Lactate fermentation (lactic acid fermentation):


In lactate fermentation, pyruvate is directly reduced by NADH to lactate. Reducing
pyruvate to lactate is done by lactate dehydrogenase. NADH reduces pyruvate and NAD+
is freed up, which will go and accept hydrogen in glycolysis to form NADH and ATP can be
produced from glycolysis.

In ethanol fermentation, ethanol is a toxic waste by product, however in lactate


fermentation lactic acid is a by product that can be reused, for instance, it can be oxidized
again to pyruvate and pyruvate can enter the link rxn and Krebs cycle. Or it can be
converted to glycogen. However reusing lactate requires more oxygen than aerobic
respiration that’s why we call it oxygen debt, interest is paid. That’s why even after intense
exercise we still keep on heavily breathing. Oxygen debt is also EPOC – excess post-
exercise oxygen consumption.
Adaptation in rice to live in water:
1- They grow taller so the top part of the plant is not submerged, this allows gases to be
exchanged compared to when its fully submerged where its hard for gas exchange to take
place as much less O2 and CO2 are present (only small amount dissolves in water)
2- Have specialized tissue called aerenchyma – it is plant tissue containing air spaces that
allows gases such as oxygen to reach the roots so the roots can respire aerobically
3- Ethanol fermentation takes place often due to lack of oxygen, ethanol is toxic. So the rice
plant has adaptations to be able to resist the build up of ethanol. Such as being able to
tolerate ethanol and having large amounts of ethanol dehydrogenase to oxidize ethanol
back into ethanal.

Respiratory substrates and respiratory quotients:

As you can see, lipids have the highest energy density. Because lipids contain many
hydrogen bonds, so when oxidized many H released that reduce NAD+ to NADH and FAD
to FADH2.
The more the NADH and FADH2 means more NADH and FADH2 get oxidized in oxidative
phosphorylation and release their electrons to the ETC, so more ATP generations. Also
more H2O molecules produced (2H+ + 2e- + O → H2O)
So the more the H present in a molecule, the more ATP is produced.
RQ = VOLUME-MOLES-MOLECULES of CO2 produced / VOLUME-MOLES-
MOLECULE of O2 consumed

Ratio of CO2 released to O2 consumed.

Glucose has a ratio of 1:1 so RQ of 1.0

However other respiratory substrates have different RQ values.

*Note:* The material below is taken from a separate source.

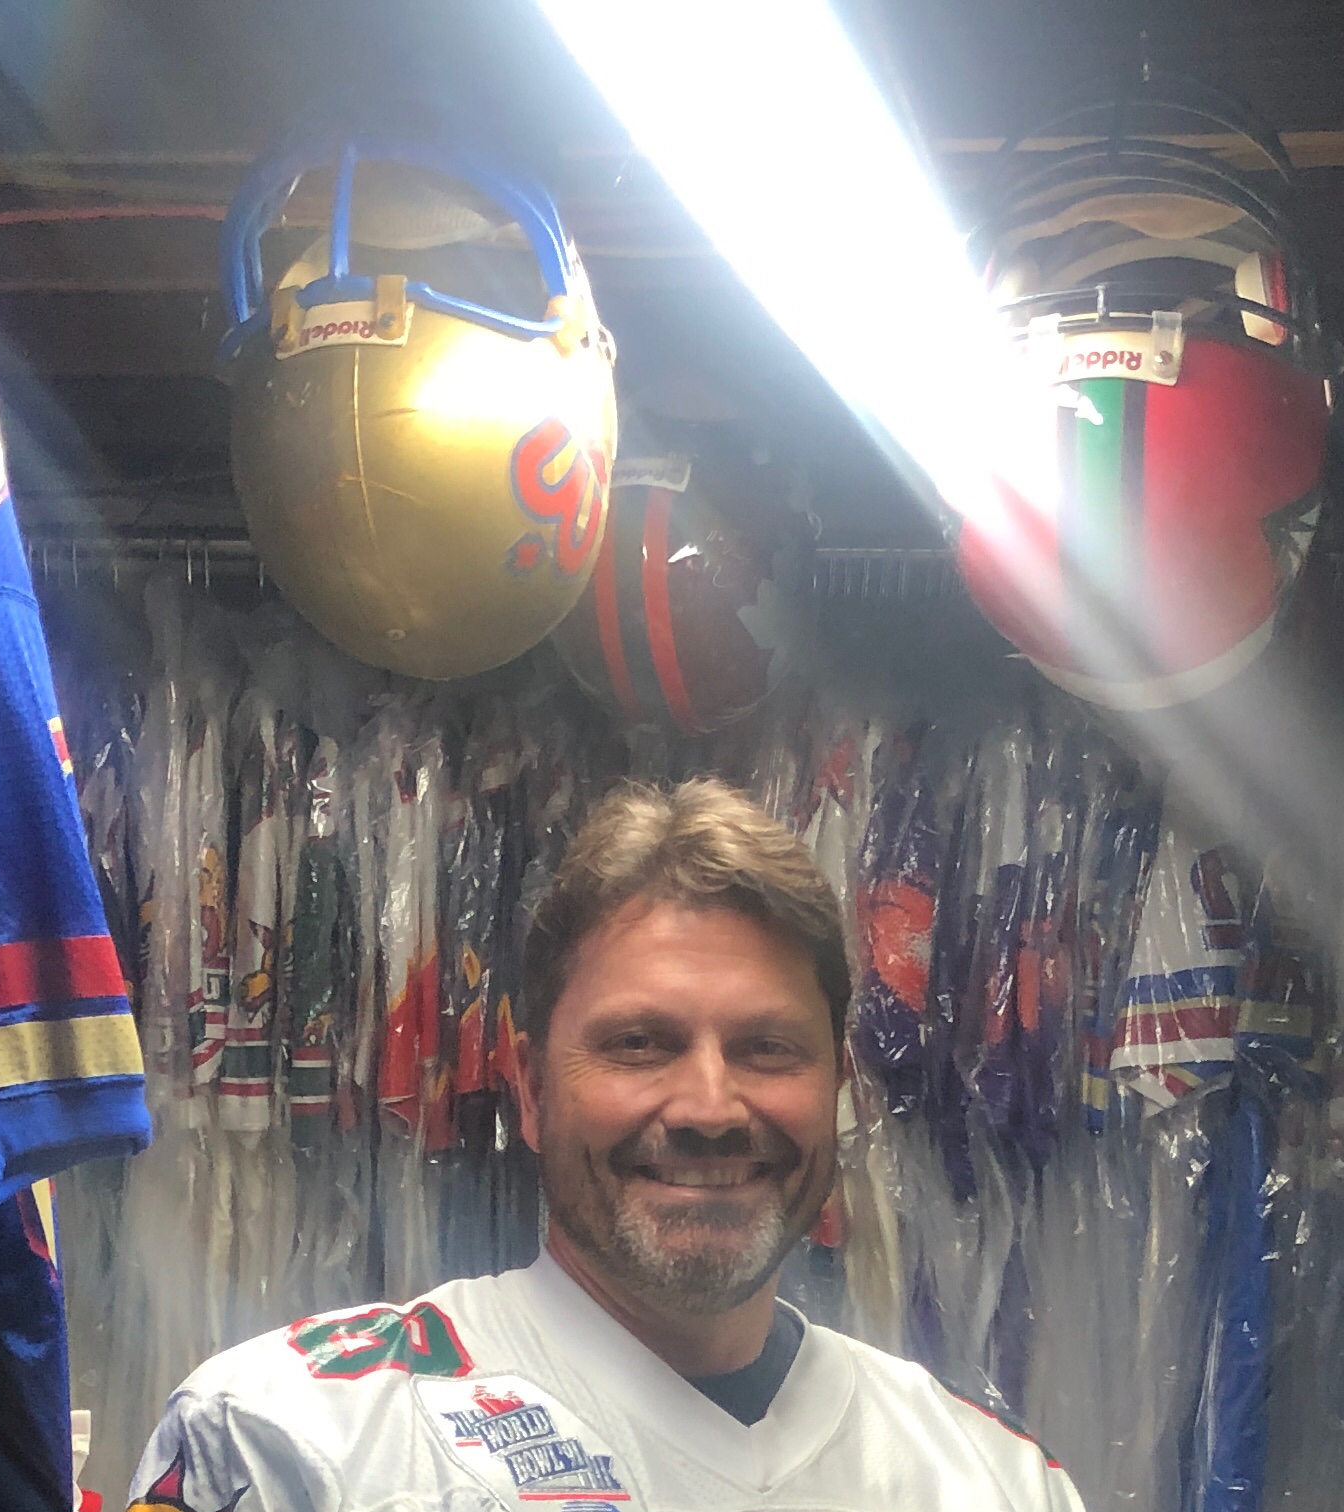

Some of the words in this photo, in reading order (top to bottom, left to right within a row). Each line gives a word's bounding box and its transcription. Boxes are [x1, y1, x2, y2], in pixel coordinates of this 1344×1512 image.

Predict the nature of the respiratory substrate – C18H34O2

C18H34O2 + 25.5O2 → 18CO2 + 17H2O

RQ = 18/25.5 = 0.7
So it is a lipid.

RQ for ethanol fermentation:


When RQ is very high, ethanol fermentation is taking place.
C6H12O6 → 2C2H5OH+2CO2
RQ = 2/0 = ∞

RQ for lactate fermentation:


Glucose C6H12O6 → Lactic Acid 2C3H6O3
There is no RQ for lactate fermentation as no CO2 is released.